February 16, 2026
Ben Wiseman
Insult everyone. Answer for nothing.
By Frank Bruni
I imagine Pam Bondi getting ready for one of her appearances on Capitol Hill by practicing in front of a mirror. She hones her glare. She perfects her sneer. She rehearses her lines, such as they are.
“Washed-up, loser lawyer!” That’s for Representative Jamie Raskin, Democrat of Maryland. What the phrase lacks in poetry it makes up for in pithiness. It’s just four short words, two of them conveniently conjoined with a hyphen. Even Bondi can remember that much.
“Failed politician!” That’s for Representative Thomas Massie, Republican of Kentucky. Two words. Insults are all about efficiency.
But it’s not Bondi’s script that matters most. It’s her voice, and the attorney general got the tone of it — the poison in it — just right when she spat those put-downs at those men during her, um, testimony before a House panel last week. She didn’t merely ooze contempt. She gushed it, so that all she communicated during more than four hours of nasty exchanges was how loathsome she found her interrogators. Which was obviously her goal. Her mission.
I can’t get it out of my mind. But then I never stopped thinking about her identical performance before a Senate panel last October. Both crystallized what is arguably the defining trait of the second Trump administration, a bearing and a bullying that cast a noxious haze over all public discourse, which was already plenty polluted. This crew — Bondi, Stephen Miller, JD Vance, President Trump himself — don’t want to win opponents’ favor. They don’t even want to win the argument. Why sweat the delicate art of persuasion when you can use the brute force of condemnation? Comity and conciliation are a slog. They’re for suckers. Contempt is victors’ ready, heady prerogative.
It’s also what the MAGA movement was supposed to be rebelling against. Many people who flocked to Trump in all his spite and willful destructiveness were protesting the condescension and derision of the Democratic elite, who, they felt, held them in contempt. They were responding to Barack Obama’s lament about embittered Americans who “cling to guns or religion.” They were reacting to Hillary Clinton’s gibe about the “basket of deplorables.”
At least that’s one origin theory, one narrative thread.
But Trump, his aides and many of his supporters haven’t purged contempt from our politics. They’ve mainstreamed it. Purified it. Industrialized it. It’s their push-a-button pushback against everyone who challenges them and any circumstances that threaten to undermine them, an all-purpose way to pivot from the substance of a situation to an evasive and obfuscating ill will. Envelop everything in indiscriminate animosity and nothing real survives.
That’s what Kristi Noem, the homeland security secretary, and Miller, the impresario of ugliness, did when federal agents killed protesters in Minneapolis. Smear first, ask questions later (or, better yet, never).
Contempt is the default setting for Vance’s crude comments, to which George F. Will devoted much of a recent column in The Washington Post. “It is not easy being transgressive in an era when there are few norms remaining to transgress,” Will wrote of the climate Vance inhabits. “Undaunted, he tries.” Will added: “Performative politics is almost the only politics on offer nowadays. But must it be a coarseness and flippancy competition?”

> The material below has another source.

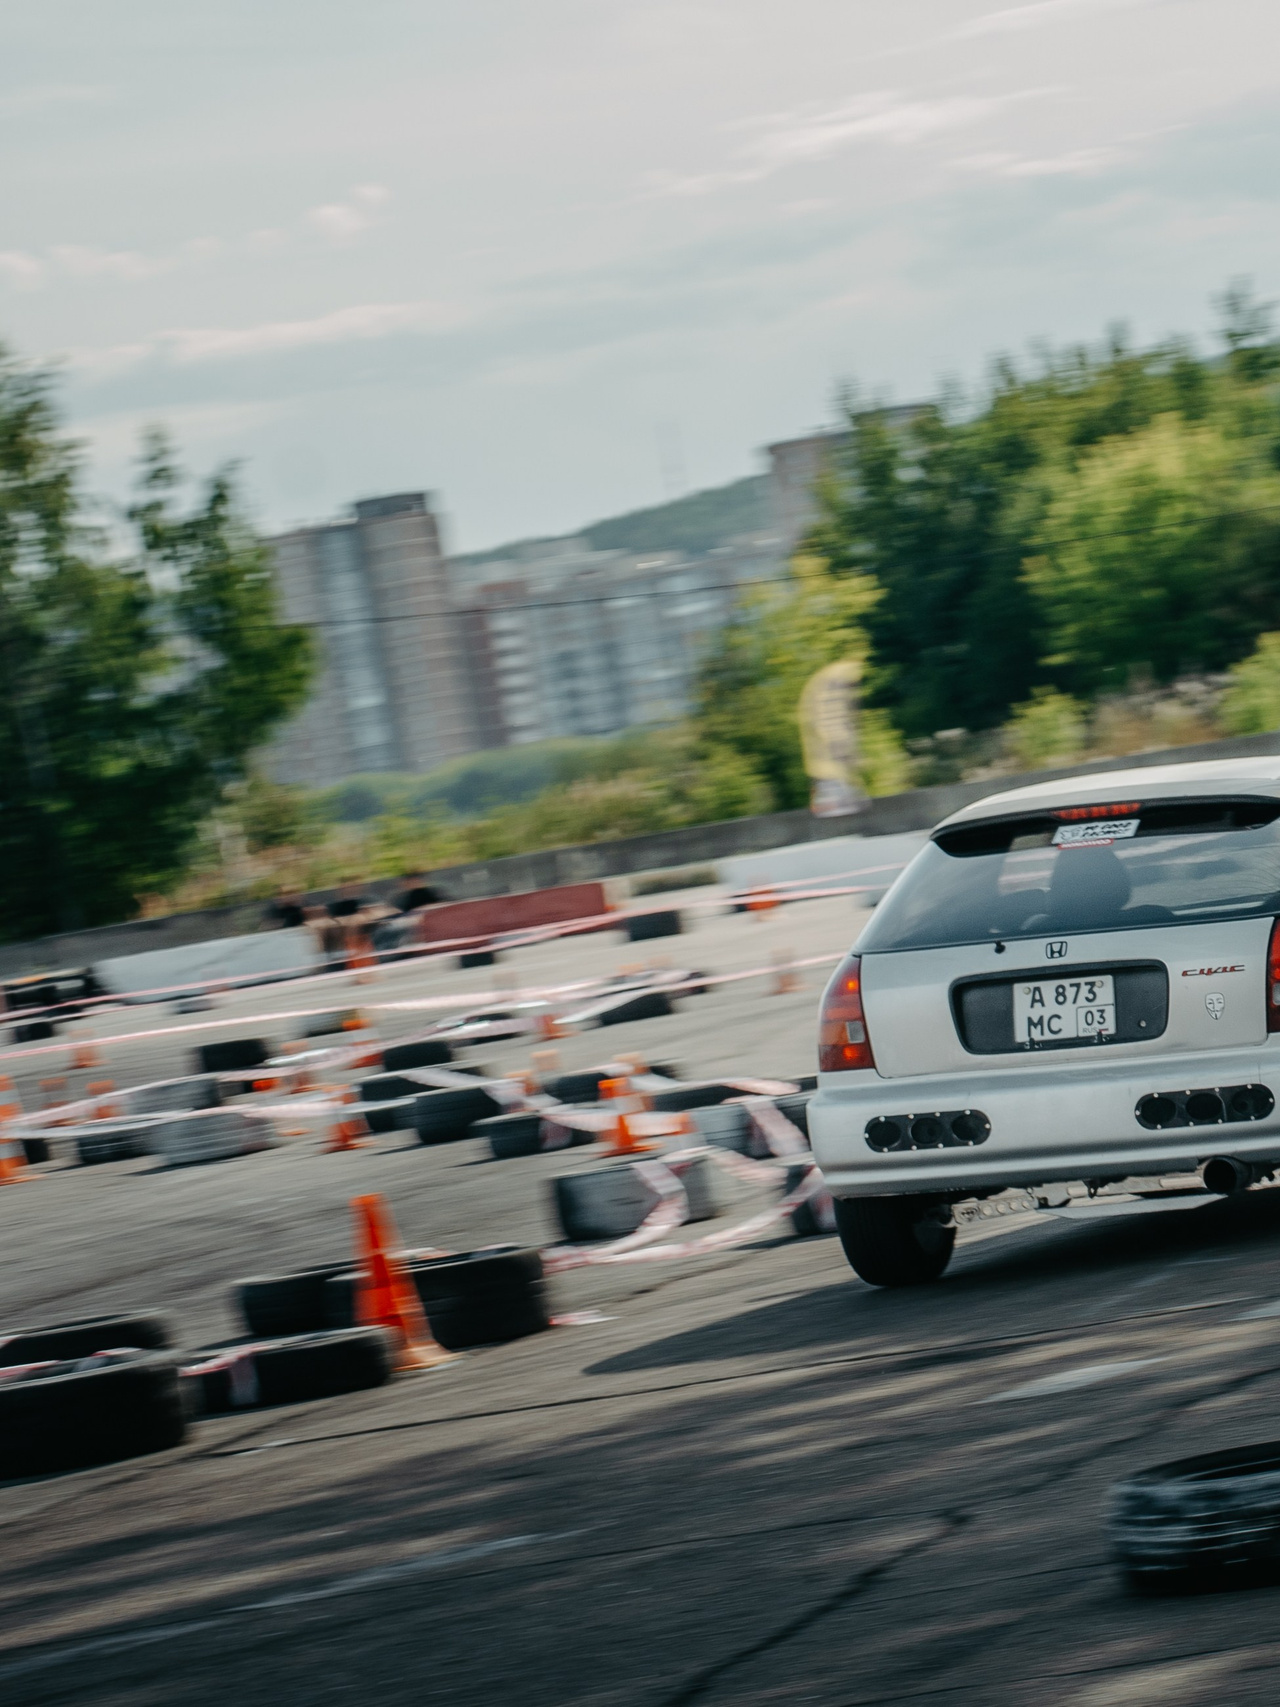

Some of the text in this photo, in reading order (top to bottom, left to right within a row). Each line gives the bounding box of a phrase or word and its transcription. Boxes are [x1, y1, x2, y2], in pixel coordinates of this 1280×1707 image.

[1030, 981, 1098, 1009] A 873
[1027, 1008, 1107, 1038] MC 03
[1082, 1026, 1099, 1034] RUS

For Vance, Bondi & Co., yes, it must, because that’s a contest they can win. Vance has only a scintilla of the experience that many previous vice presidents had. But he can best them in contemptuousness. Pete Hegseth’s résumé pales next to those of many defense secretaries before him. But he can radiate a magnitude of disgust with perceived adversaries that they never did.
The brazen bunch of them model a new idea and exercise of strength, which, to them, isn’t something achieved and fortified by learning from your mistakes. It’s something that puts you in a position to tell others that the mistakes are theirs, call them names and lick your chops as you do. It doesn’t empower you to reach out to your opponents or show them mercy. Mercy is what you make them beg for, so you can savor the pleasure of denying it.
And the way you consolidate and perpetuate power is by so thoroughly demonizing those opponents — by blasting so much contempt at them — that your own failures, corruption and cruelty become irrelevant. You needn’t answer for your fatal thuggery in Minneapolis if you can render its casualties sufficiently contemptible. You needn’t answer questions from a “washed-up, loser lawyer” or a “failed politician” at all.
Bondi came into that hearing last week as a joke, a disgrace, the titular head of a Justice Department that had seen its politically motivated prosecutions of James Comey and Letitia James dismissed by a federal judge, its requested indictment of six Democratic lawmakers rejected by a federal grand jury, its handling of the Jeffrey Epstein files exposed as a travesty. What she should have been feeling and projecting was humiliation.
She opted for contempt. It’s the Trumpian way. But is it the American one? Has the country sunk quite this far? I don’t think so. She and her fellow insult mongers aren’t owning the libs; they’re beclowning themselves. And it’s a repellent circus.